Joël au nord de l'Inde

 

Ô Dieu ! dans l’attente du jour

Où bercé de tendres Amours

Je pourrai dans ton cœur

Abandonner mes peurs,

Je reste tranquille au pied de Ta Croix.

Nuit épouvante au creuset de la foi.

Déjà je reçois tout de Tes Mains transpercées

Et Ta Parole résonne en mon âme déchirée.

Contre toi, comme un enfant confiant,

Je me laisse étreindre par Ton immense tourment.

Toi l’Abandonné au crucifix des jours,

Toi le tout donné en un cri d’Amour.

Les larmes en mon âme, aux profondeurs cachées,

Ensemencent le jardin de nos intimités.

Je voudrais plus encore !

Laisser s’enflammer de Ton Feu mon esprit et mon corps

Pour que devenu cendre aux terres labourées,

Il n’y ait que Toi pour dire l’éternité.

Pauvre jeté aux chemins sans issue,

J’ouvrirai une porte à mes frères qui ont cru

Que la Miséricorde dans leurs tombeaux scellés,

Peut transformer la nuit en éternelle clarté.
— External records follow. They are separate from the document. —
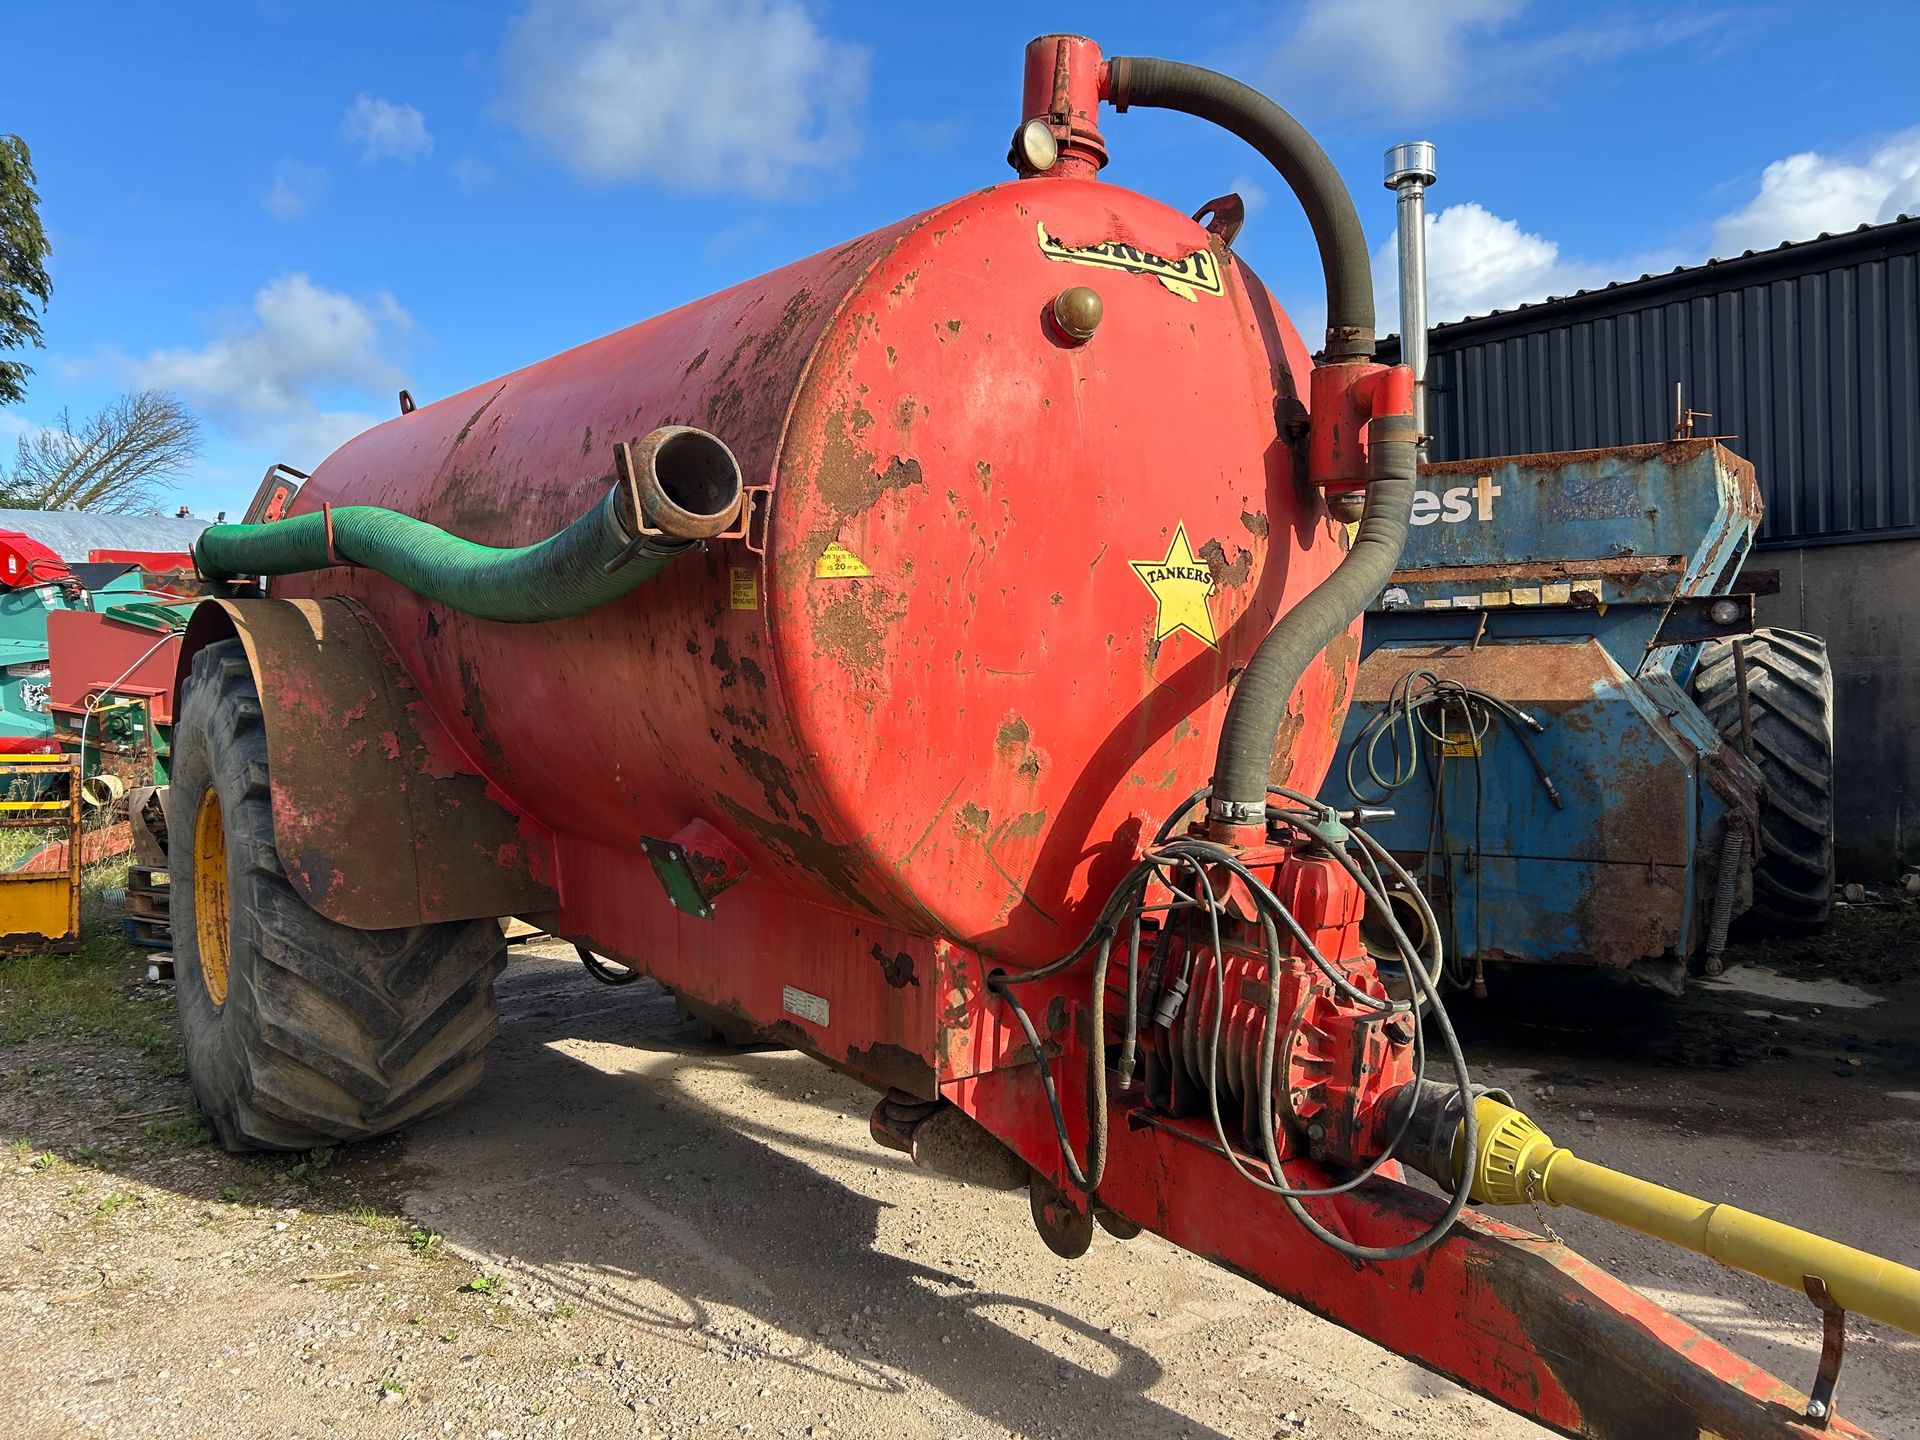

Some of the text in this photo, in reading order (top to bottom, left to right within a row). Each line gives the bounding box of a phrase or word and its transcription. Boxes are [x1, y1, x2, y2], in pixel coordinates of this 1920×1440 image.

[1409, 476, 1502, 526] est
[834, 562, 846, 570] 20
[1147, 566, 1213, 584] TANKERS
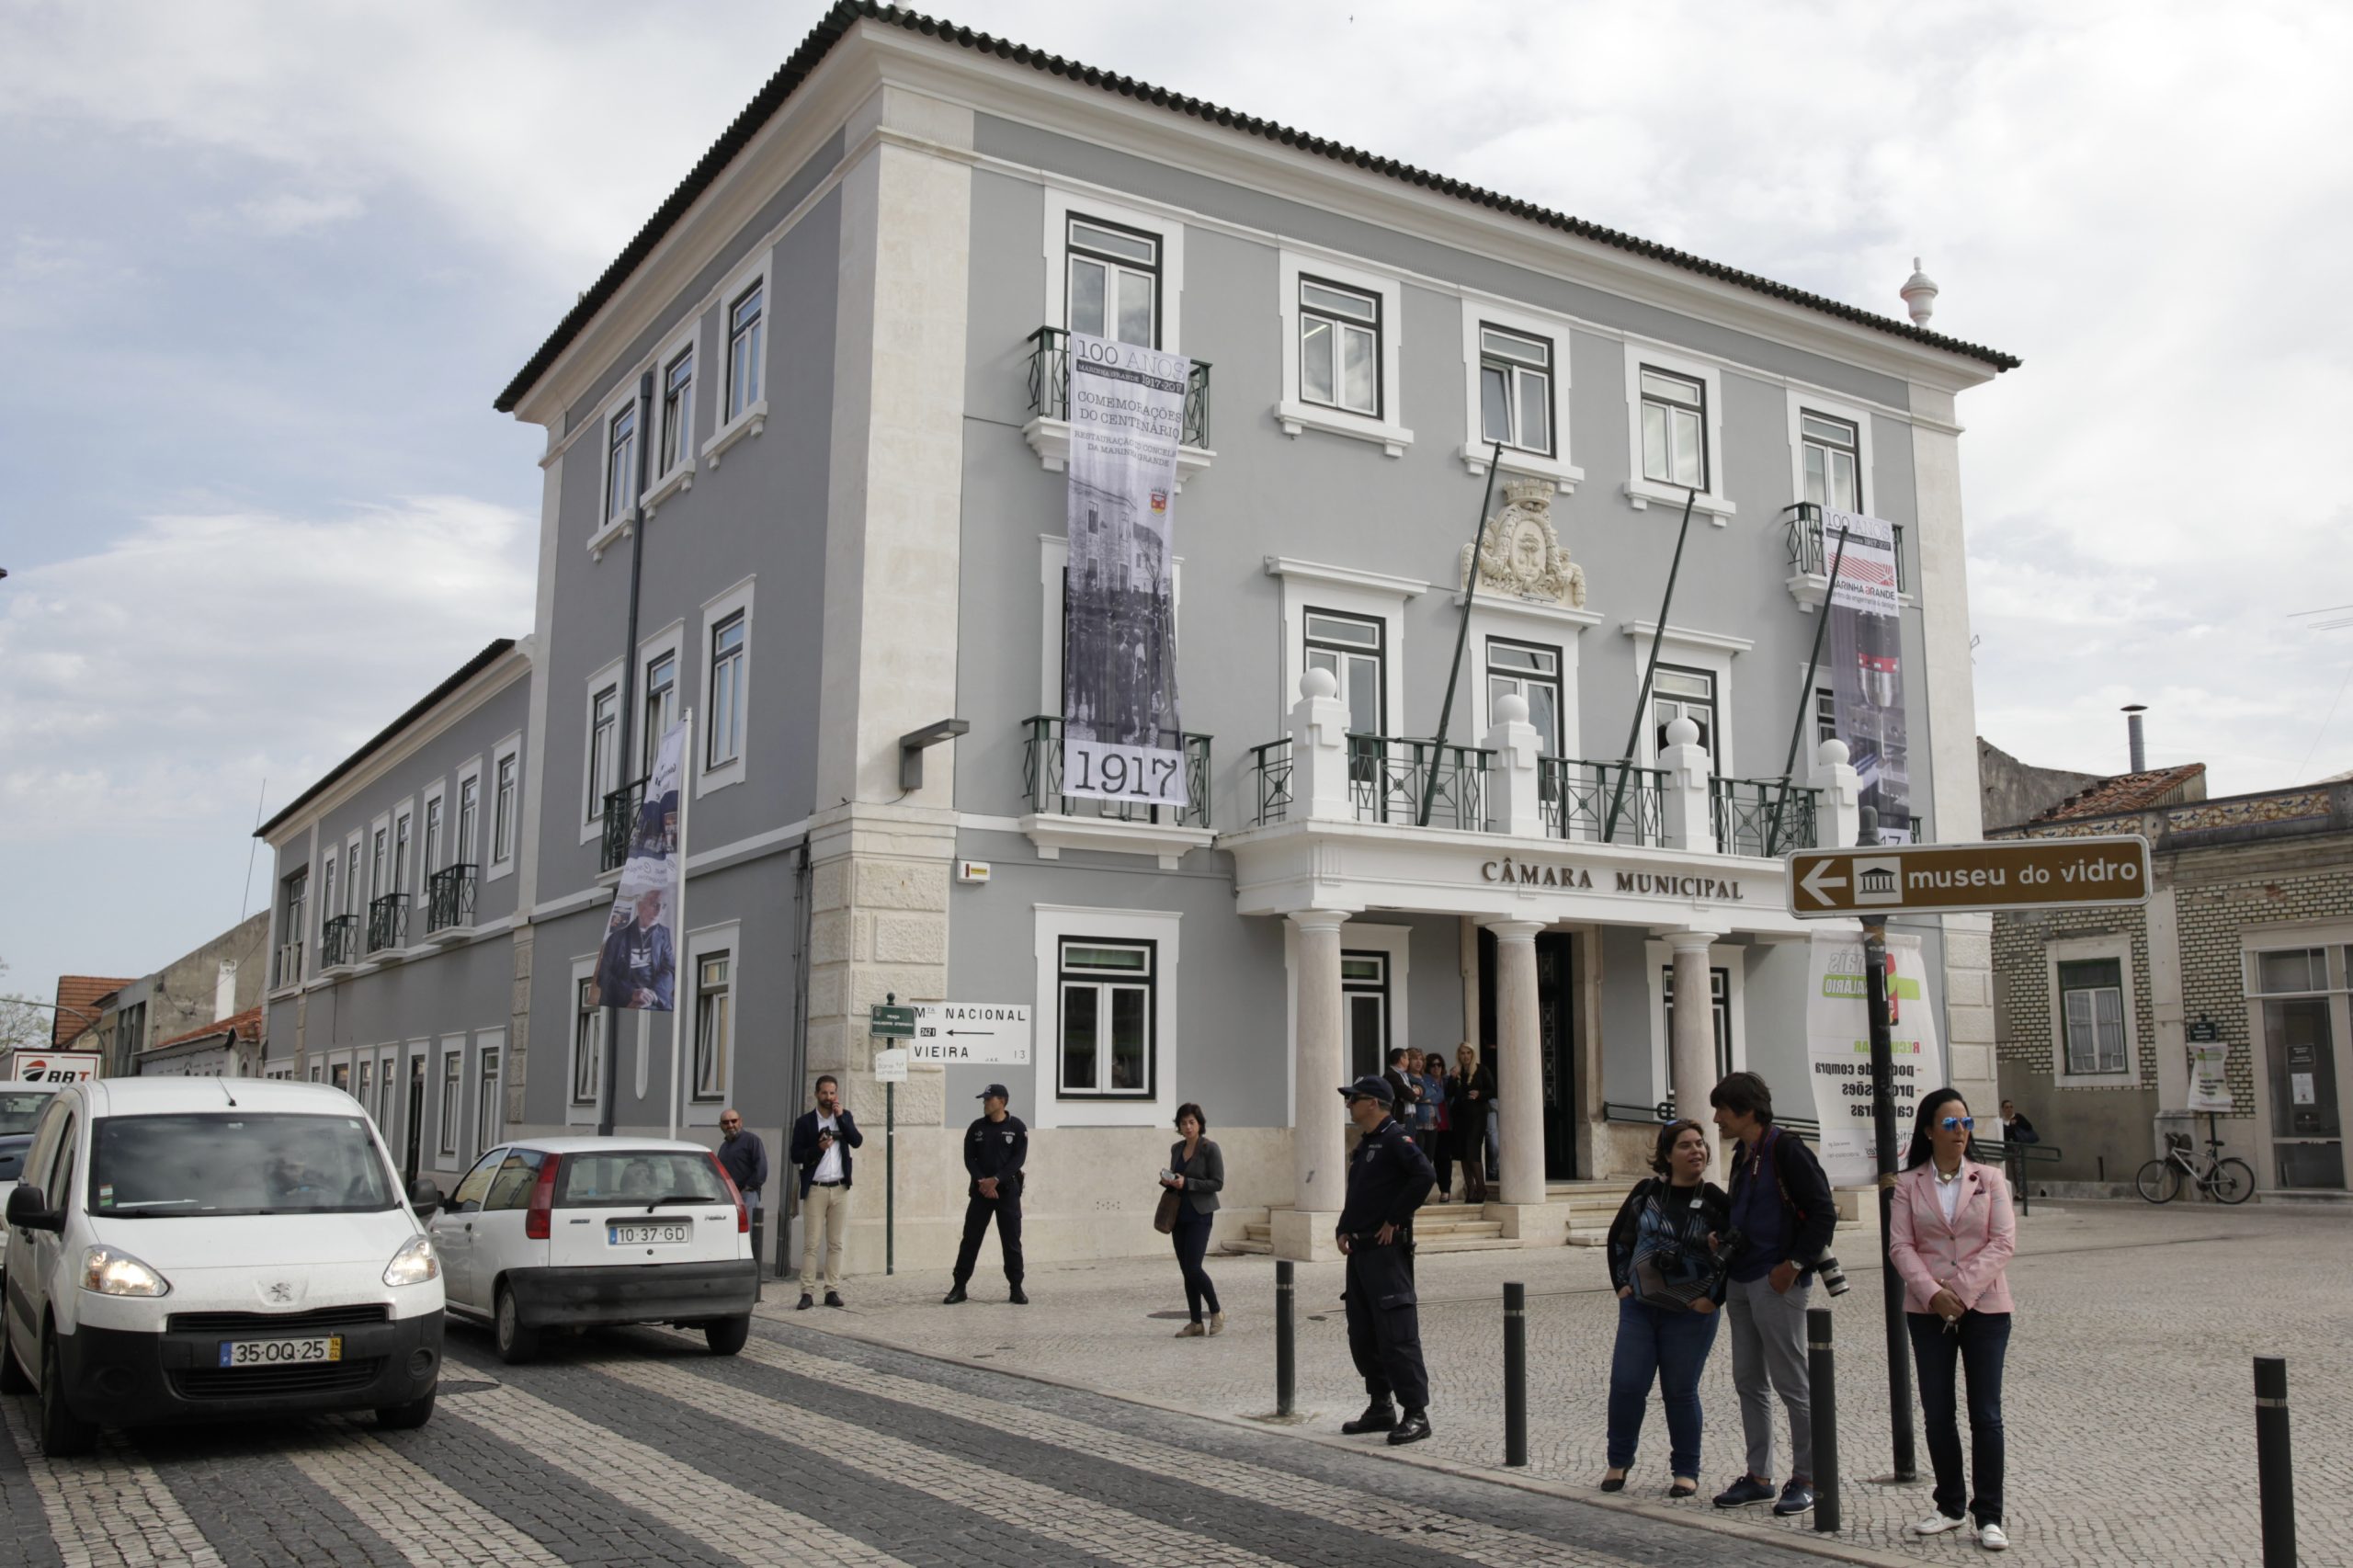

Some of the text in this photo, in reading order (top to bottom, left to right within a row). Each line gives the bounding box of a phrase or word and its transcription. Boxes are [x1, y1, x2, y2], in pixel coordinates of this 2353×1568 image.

[1078, 339, 1185, 381] 100 ANOS
[1077, 391, 1182, 423] COMEMORAÇÕES
[1080, 408, 1180, 439] DO CENTENÁRIO
[1087, 443, 1099, 451] DA
[1137, 454, 1170, 467] GRANDE
[1825, 512, 1850, 529] 100
[1854, 520, 1891, 540] ANOS
[1834, 580, 1895, 600] ARINHA GRANDE
[1074, 750, 1177, 798] 1917
[1481, 857, 1744, 900] CÂMARA MUNICIPAL
[1908, 857, 2138, 889] museu do vidro
[945, 1007, 1027, 1021] NACIONAL
[914, 1045, 969, 1058] VIEIRA
Jésus qui habite nos blessures secrètes

Tu m’entraînes là où l’espoir s’arrête,

Pour engendrer, en un chant de victoire,

L’Espérance, qui réfléchit Ta Beauté aux miroirs

De ses yeux,

Tandis que s’évanouissent les songes en un geste d’adieu.

Devenir fou de Ta Sagesse,

Irradié de Ta Tendresse !

Avoir Tes yeux pour regarder le monde

Et faire sourire de joie les habitants de l’ombre.

Avoir ta bouche, au baiser compassion,

Pour les lépreux mourants aux geôles des passions.

Avoir tes mains pour détacher les chaînes

Des poignets meurtris des victimes de la haine.

Avoir tes pieds pour parcourir les chemins

Tracés aux promesses sans lendemain,

Qu’empruntent des foules d’enfants abusés.

Avoir Tes Épaules pour les porter

à la maison du Père,

Loin, très loin de leur terrible enfer.

Et par-dessus tout, laisser en moi

Battre Ton Cœur pour faire de tes pauvres un peuple de roi.